Solved – Complications of having a very small sample in a structural equation model

bootstrapmodelingsample-sizestructural-equation-modeling

I am running a structural equation model (SEM) in Amos 18. I was looking for 100 participants for my experiment (used loosely), which was deemed to be probably not enough to conduct successful SEM. I've been told repeatedly that SEM (along with EFA, CFA) is a "large sample" statistical procedure. Long story short, I didn't make it to 100 participants (what a surprise!), and only have 42 after excluding two problematic data points. Out of interest, I tried the model anyway, and to my surprise, it seemed to fit very well! CFI >.95, RMSEA < .09, SRMR <.08.

The model is not simple, in fact, I would say it is relatively complex. I have two latent variables, one with two observed and the other with 5 observed variables. I also have four additional observed variables in the model. There are numerous relationships between the variables, indirect and direct, with some variables being endogenous to four others, as an example.

I am somewhat new to SEM; however, two individuals that I know who are quite familiar with SEM tell me that as long as the fit indicies are good, the effects are interpretable (as long as they are significant) and there is nothing significantly "wrong" with the model. I know some fit indicies are biased for or against small samples in terms of suggesting good fit, but the three that I mentioned earlier seem fine, and I believe not similarly biased. To test for indirect effects I am using bootstrapping (2000 samples or so), 90 percent bias corrected confidence, monte carlo. An additional note is that I am running three different SEMs for three different conditions.

I have two questions that I would like some of you to consider and please reply to if you have something to contribute:

  1. Are there any significant weaknesses to my model that are not demonstrated by the fit indices? The small sample will be highlighted as a weakness of the study, but I am left wondering if there is some huge statistical problem that I am completely oblivious to. I plan on getting another 10-20 participants in the future, but this will still leave me with a relatively small sample for such analyses.

  2. Are there any problems with my use of bootstrapping given my small sample, or the context in which I am using it?

I hope these questions are not too "basic" for this forum. I have read a number of chapters on SEM and related matters, but I find people are very dispersed in terms of opinions in this area!

Cheers

Best Answer

One point: there is no such thing as a "basic question", you only know what you know, and not what you don't know. asking a question is often the only way to find out.

Whenever you see small samples, you find out who really has "faith" in their models and who doesn't. I say this because small samples is usually where models have the biggest impact.

Being a keen (psycho?) modeller myself, I say go for it! You seem to be adopting a cautious approach, and you have acknowledged potential bias, etc. due to small sample. One thing to keep in mind with fitting models to small data is that you have 12 variables. Now you should think - how well could any model with 12 variables be determined by 42 observations? If you had 42 variables, then any model could be perfectly fit to those 42 observations (loosely speaking), so your case is not too far from being too flexible. What happens when your model is too flexible? It tends to fit the noise - that is, the relationships which are determined by things other than the ones you hypothesize.

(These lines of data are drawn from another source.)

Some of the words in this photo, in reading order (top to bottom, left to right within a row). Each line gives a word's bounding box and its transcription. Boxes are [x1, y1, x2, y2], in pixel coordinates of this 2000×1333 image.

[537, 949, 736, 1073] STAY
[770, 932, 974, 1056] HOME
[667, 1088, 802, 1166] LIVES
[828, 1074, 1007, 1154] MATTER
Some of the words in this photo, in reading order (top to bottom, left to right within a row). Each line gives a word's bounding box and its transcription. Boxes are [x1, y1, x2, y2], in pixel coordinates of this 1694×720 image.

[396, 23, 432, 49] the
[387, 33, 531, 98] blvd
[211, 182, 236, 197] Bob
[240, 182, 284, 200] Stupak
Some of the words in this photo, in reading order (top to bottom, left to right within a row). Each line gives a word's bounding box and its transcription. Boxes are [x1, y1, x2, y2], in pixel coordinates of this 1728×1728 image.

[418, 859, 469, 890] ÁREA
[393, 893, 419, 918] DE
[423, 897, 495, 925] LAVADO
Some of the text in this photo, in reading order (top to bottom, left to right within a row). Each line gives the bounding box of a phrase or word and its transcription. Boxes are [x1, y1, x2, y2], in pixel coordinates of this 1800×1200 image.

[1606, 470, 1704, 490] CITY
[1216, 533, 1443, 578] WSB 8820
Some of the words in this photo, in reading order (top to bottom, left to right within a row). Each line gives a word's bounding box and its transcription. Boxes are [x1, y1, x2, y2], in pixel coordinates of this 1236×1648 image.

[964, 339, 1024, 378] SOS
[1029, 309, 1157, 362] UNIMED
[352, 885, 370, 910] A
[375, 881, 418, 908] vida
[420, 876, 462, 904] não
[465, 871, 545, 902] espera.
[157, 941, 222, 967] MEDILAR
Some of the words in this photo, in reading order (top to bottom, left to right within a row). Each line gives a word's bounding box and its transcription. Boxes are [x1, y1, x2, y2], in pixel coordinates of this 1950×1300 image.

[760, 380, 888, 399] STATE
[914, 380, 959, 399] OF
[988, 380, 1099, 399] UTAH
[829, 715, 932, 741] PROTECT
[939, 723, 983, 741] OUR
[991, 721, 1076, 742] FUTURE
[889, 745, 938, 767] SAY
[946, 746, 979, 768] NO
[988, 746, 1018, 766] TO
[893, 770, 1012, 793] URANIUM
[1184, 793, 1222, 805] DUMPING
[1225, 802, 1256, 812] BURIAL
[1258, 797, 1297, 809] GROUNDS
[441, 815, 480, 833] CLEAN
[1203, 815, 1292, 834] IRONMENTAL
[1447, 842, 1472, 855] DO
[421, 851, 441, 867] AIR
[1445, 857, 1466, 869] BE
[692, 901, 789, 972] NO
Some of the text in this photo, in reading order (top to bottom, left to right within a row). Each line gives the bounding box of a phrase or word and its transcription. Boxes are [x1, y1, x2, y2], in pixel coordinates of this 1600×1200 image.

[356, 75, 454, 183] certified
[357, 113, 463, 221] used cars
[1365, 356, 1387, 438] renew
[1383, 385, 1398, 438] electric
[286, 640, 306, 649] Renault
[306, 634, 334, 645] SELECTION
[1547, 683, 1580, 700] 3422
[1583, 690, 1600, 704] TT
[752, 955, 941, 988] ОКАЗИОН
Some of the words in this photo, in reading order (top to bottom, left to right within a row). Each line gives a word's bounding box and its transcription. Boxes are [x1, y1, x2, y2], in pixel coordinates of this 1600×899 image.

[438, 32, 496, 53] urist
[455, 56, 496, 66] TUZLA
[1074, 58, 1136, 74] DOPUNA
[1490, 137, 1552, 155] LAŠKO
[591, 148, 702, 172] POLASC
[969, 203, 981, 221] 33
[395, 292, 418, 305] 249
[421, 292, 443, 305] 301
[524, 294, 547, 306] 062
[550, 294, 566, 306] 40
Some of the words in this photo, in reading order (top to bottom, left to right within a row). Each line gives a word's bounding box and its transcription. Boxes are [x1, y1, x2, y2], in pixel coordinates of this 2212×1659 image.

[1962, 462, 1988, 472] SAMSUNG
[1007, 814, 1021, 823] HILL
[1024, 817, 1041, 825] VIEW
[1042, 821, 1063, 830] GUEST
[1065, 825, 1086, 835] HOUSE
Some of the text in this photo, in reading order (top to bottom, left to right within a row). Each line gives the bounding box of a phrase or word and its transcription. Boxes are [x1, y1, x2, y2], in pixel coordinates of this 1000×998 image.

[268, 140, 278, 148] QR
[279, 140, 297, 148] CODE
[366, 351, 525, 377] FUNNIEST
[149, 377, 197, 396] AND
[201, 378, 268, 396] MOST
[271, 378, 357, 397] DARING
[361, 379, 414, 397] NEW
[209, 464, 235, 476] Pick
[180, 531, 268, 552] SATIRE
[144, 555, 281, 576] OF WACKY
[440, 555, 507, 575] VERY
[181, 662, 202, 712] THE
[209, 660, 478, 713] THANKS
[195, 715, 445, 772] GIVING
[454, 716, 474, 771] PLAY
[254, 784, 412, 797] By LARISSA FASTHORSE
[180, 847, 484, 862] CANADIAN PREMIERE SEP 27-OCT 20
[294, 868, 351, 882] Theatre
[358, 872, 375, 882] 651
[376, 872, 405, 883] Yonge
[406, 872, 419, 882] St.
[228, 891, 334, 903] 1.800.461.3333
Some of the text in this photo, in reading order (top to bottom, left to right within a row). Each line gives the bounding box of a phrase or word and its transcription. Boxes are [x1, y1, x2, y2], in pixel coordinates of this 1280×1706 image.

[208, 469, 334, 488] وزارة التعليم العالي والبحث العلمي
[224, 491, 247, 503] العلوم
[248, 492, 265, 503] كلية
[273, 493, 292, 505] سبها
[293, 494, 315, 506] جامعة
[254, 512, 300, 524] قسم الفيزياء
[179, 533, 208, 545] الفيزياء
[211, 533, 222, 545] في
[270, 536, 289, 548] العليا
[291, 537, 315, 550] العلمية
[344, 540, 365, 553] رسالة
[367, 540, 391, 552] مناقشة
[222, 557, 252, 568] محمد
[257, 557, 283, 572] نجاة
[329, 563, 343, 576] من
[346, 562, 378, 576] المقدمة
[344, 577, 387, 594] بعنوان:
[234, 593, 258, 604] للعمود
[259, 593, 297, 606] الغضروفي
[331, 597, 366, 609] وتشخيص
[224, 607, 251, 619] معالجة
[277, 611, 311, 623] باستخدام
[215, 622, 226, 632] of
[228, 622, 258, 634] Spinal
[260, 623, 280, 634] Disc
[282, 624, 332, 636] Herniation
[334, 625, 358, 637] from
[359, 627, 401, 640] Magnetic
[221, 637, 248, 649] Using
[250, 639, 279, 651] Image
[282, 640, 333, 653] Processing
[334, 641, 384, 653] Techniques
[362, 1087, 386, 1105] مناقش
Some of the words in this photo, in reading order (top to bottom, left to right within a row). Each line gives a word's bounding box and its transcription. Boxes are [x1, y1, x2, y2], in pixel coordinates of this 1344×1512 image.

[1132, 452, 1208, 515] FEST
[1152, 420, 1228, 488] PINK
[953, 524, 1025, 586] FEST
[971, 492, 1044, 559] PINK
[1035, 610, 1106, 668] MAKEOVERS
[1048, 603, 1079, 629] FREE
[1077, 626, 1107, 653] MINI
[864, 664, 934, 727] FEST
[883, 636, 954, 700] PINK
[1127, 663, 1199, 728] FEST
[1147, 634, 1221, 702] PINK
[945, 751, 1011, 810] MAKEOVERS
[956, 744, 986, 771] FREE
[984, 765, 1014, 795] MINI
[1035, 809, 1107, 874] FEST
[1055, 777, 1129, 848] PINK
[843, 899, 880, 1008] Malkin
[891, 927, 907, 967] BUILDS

You also have the opportunity to put your ego where your model is by predicting what those future 10-20 samples will be from your model. I wonder how your critics will react to a so called "dodgy" model which gives the right predictions. Note that you would get a similar "I told you so" if your model doesn't predict the data well.

Another way you could assure yourself that your results are reliable, is to try and break them. Keeping your original data intact, create a new data set, and see what you have to do to this new data set in order to make your SEM results seem ridiculous. Then look at what you had to do, and consider: is this a reasonable scenario? Does my "ridiculous" data resemble a genuine possibility? If you have to take your data to ridiculous territory in order to produce ridiculous results, it provides some assurance (heuristic, not formal) that your method is sound.